Fig. 3

Immunoblot analysis and immunostaining of human pancreas. a Western blots investigating the presence of proinsulin-immunoreactivity (using antibody GS-9A8, upper panel) and INS-IGF2 fusion protein immunoreactivity (using antibody BO1P, lower panel) in the human beta cell line EndoC-βH1 and HEK, non transduced, GFP transduced or INS-IGF2 transduced. Endogenous proinsulin is marked with (Asterisk) and INS-IGF2 with (filled circle). Notice that INS-IGF2 is only reliably detected in cells transduced with INS-IGF2 construct. We titrated the levels of transduced HEK293 cell extract to give comparable band intensities on EndoC-βH1 proinsulin and HEK293-INS-IGF2 (panel a upper: GS-9A8 which has assumed identical affinities to the two proteins).
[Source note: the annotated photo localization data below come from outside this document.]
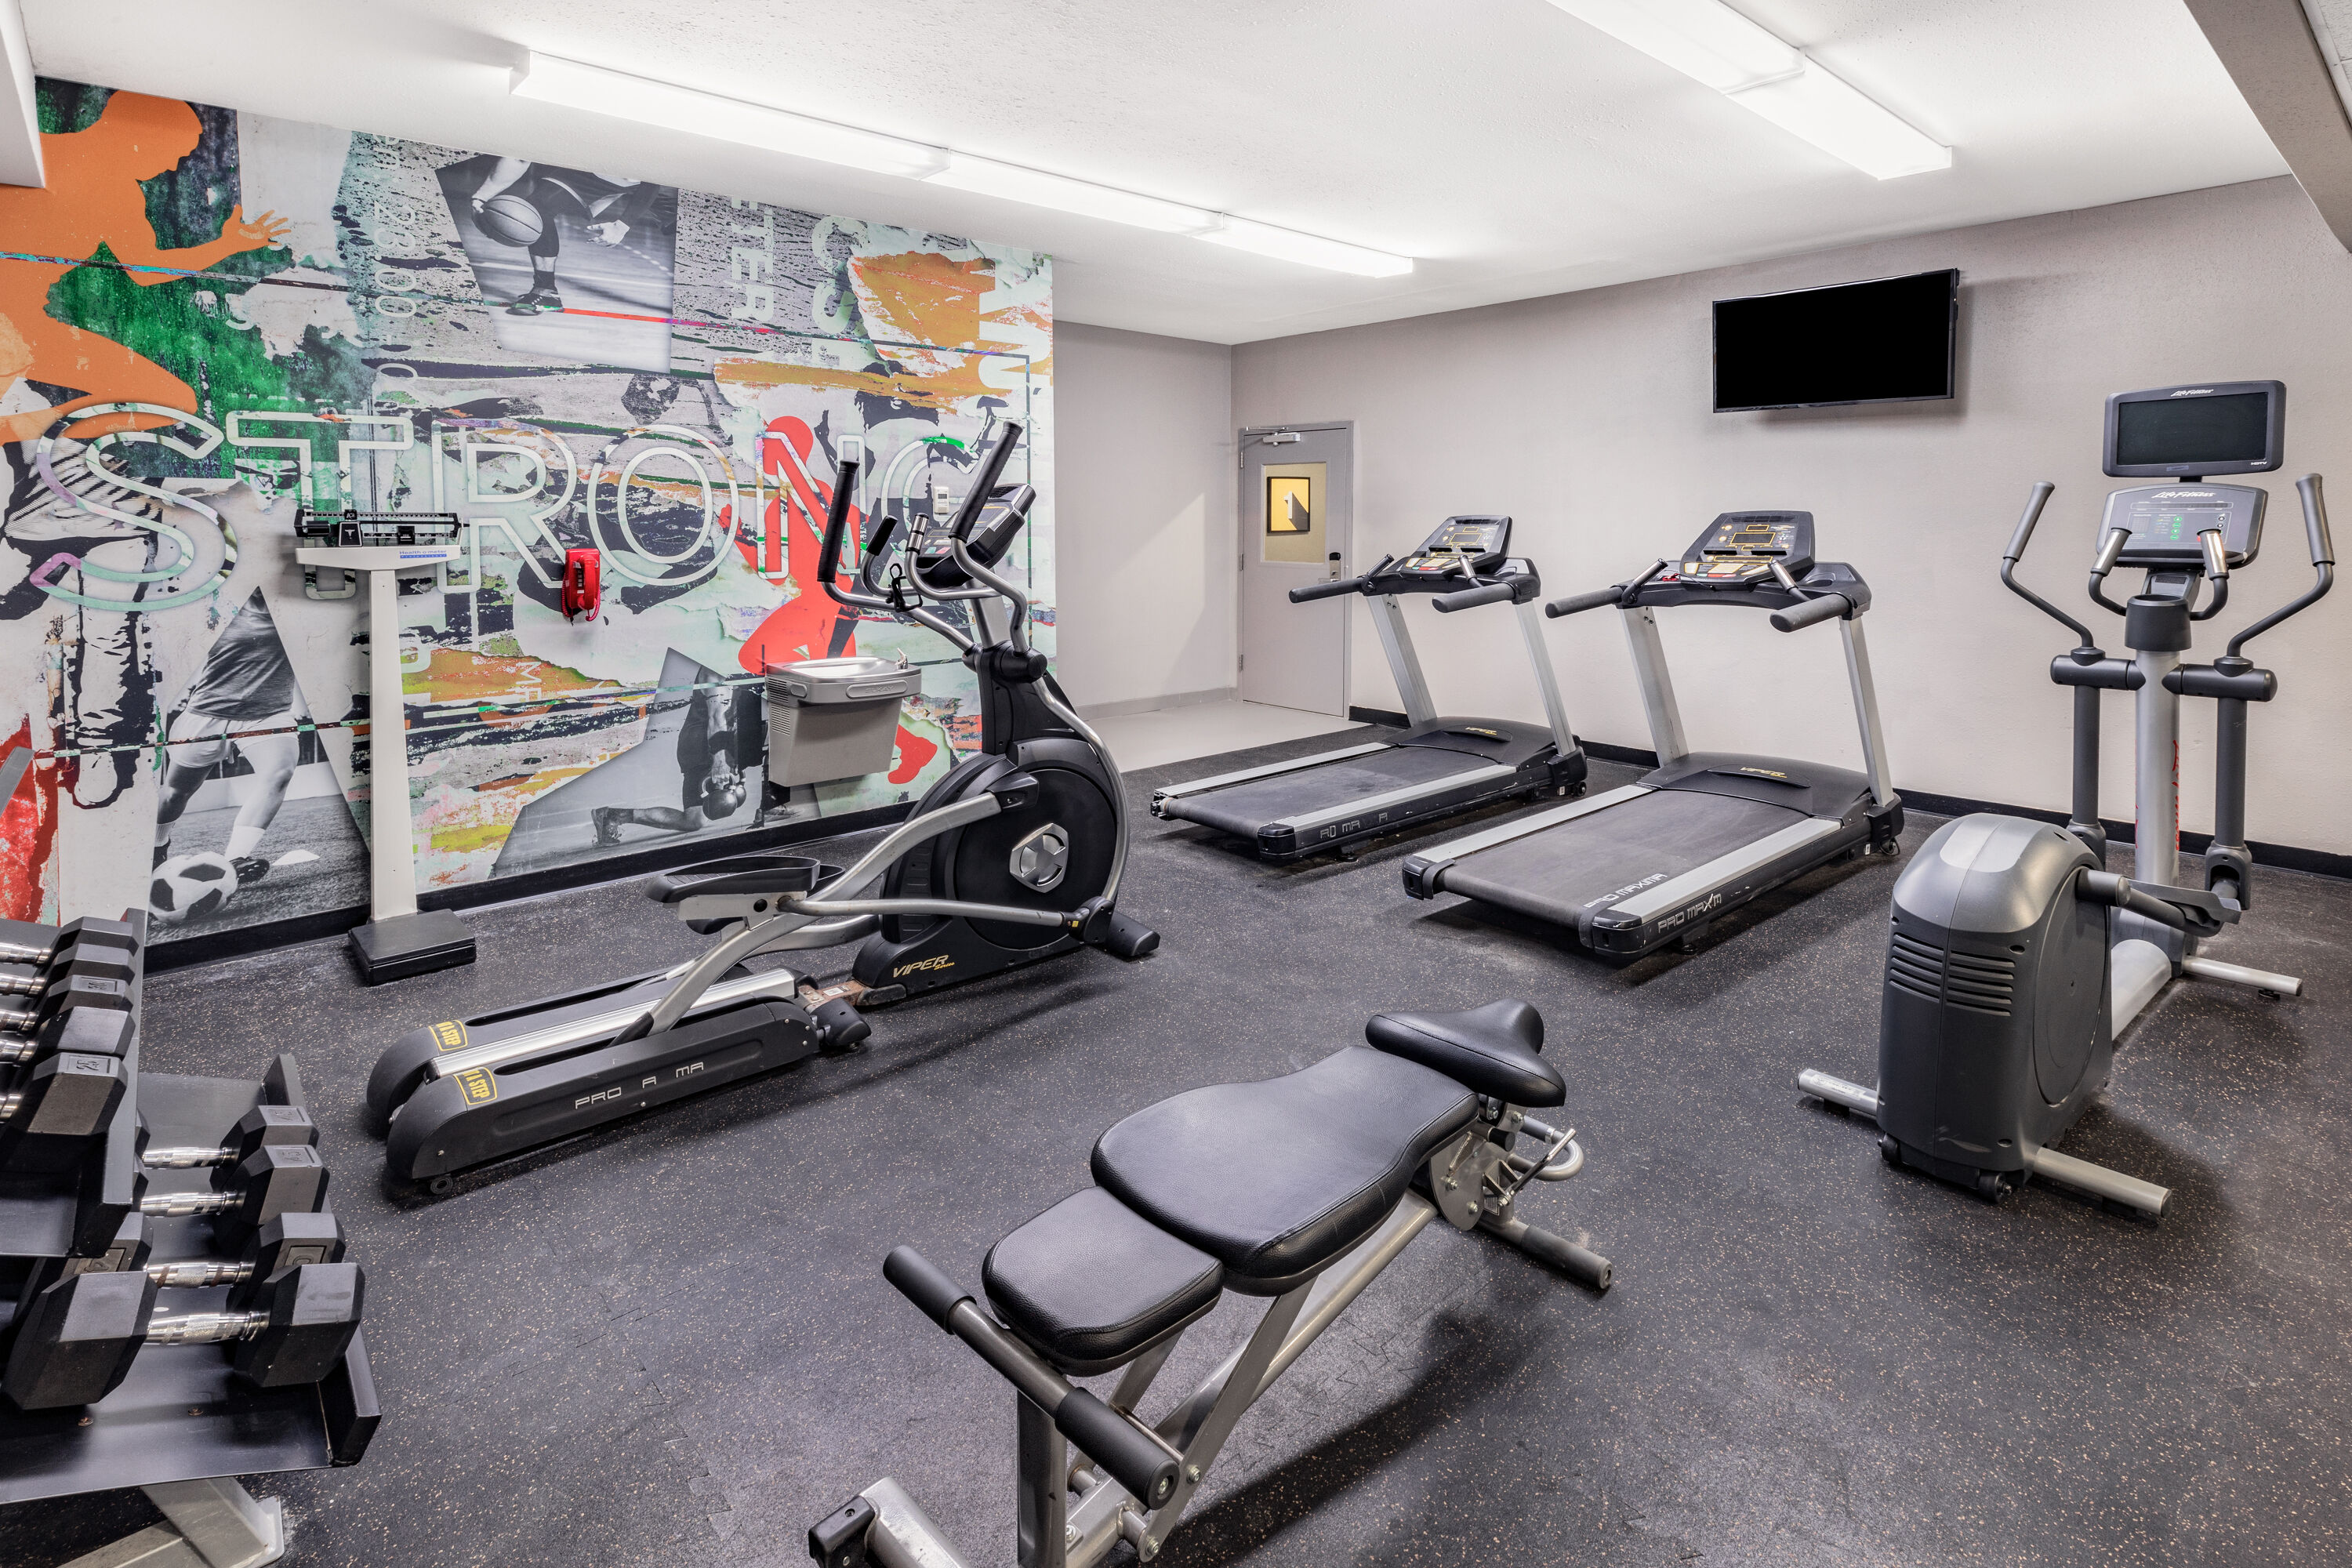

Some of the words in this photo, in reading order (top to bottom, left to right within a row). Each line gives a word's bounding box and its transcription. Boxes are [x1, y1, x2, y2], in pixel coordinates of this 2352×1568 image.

[731, 198, 774, 322] TER
[30, 402, 983, 612] STRONG
[1283, 491, 1293, 519] 1
[1658, 913, 1685, 934] PRO
[892, 954, 949, 978] VIPER
[575, 1087, 622, 1109] PRO
INS-IGF2 transduction of EndoC-βH1 leads to relative lower expression of INS-IGF2-protein compared to proinsulin (panel a upper comparing the two bands in lane INS-IGF2-EndoC-βH1). This low-level expression of INS-IGF2 protein in transduced EndoC-βH1 is readily detected using the INS-IGF2 antibody while untransduced cells are completely negative (panel a lower). Thus we conclude that the expression of INS-IGF2 protein in EndoC-βH1 is below detection limits of this assay. b Immunoreactivity for INS-IGF2 (green) and glucagon (red) (top panel), and for proinsulin (green) and glucagon (red) (bottom panel) on adjacent sections of human pancreas. Scale bar 100 µM.